• Assignment
Apart from the images, every record below must be given again without alteration.

• Data provided

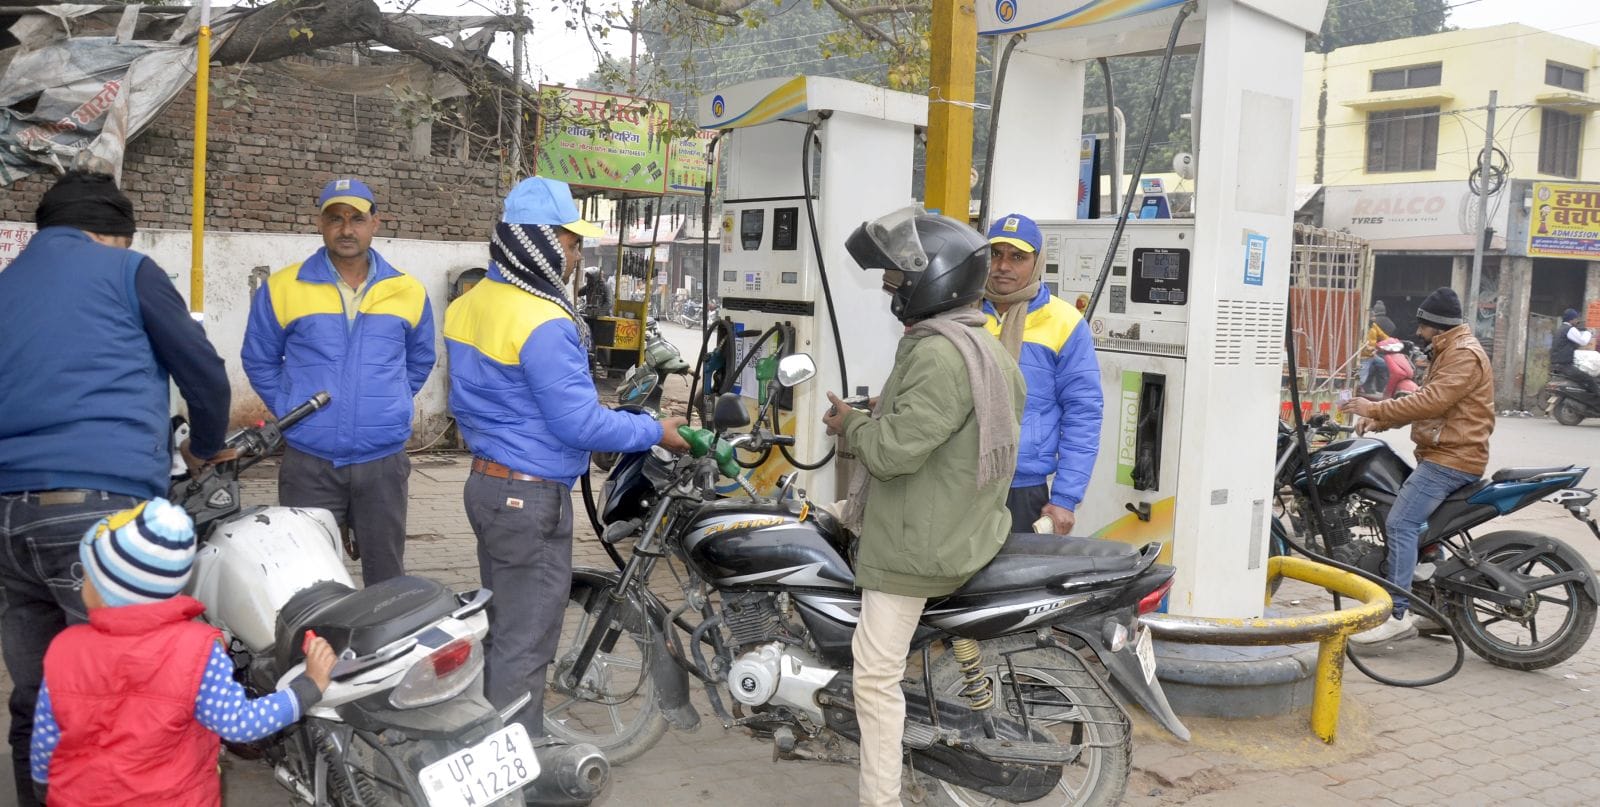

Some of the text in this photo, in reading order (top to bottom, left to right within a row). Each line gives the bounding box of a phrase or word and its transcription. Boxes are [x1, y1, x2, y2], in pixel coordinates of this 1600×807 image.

[1354, 195, 1446, 216] RALCO
[1351, 216, 1384, 225] TYRES
[1552, 229, 1598, 239] ADMISSION
[1120, 396, 1139, 461] Petrol
[704, 516, 784, 536] PLATINA
[447, 733, 517, 782] UP 24

• Response area
Some of the text in this photo, in reading order (top to bottom, left to right within a row). Each line gives the bounding box of a phrase or word and its transcription. Boxes are [x1, y1, x2, y2], in pixel coordinates of this 1600×807 image.

[1354, 195, 1446, 216] RALCO
[1351, 216, 1384, 225] TYRES
[1552, 229, 1598, 239] ADMISSION
[1120, 396, 1139, 461] Petrol
[704, 516, 784, 536] PLATINA
[447, 733, 517, 782] UP 24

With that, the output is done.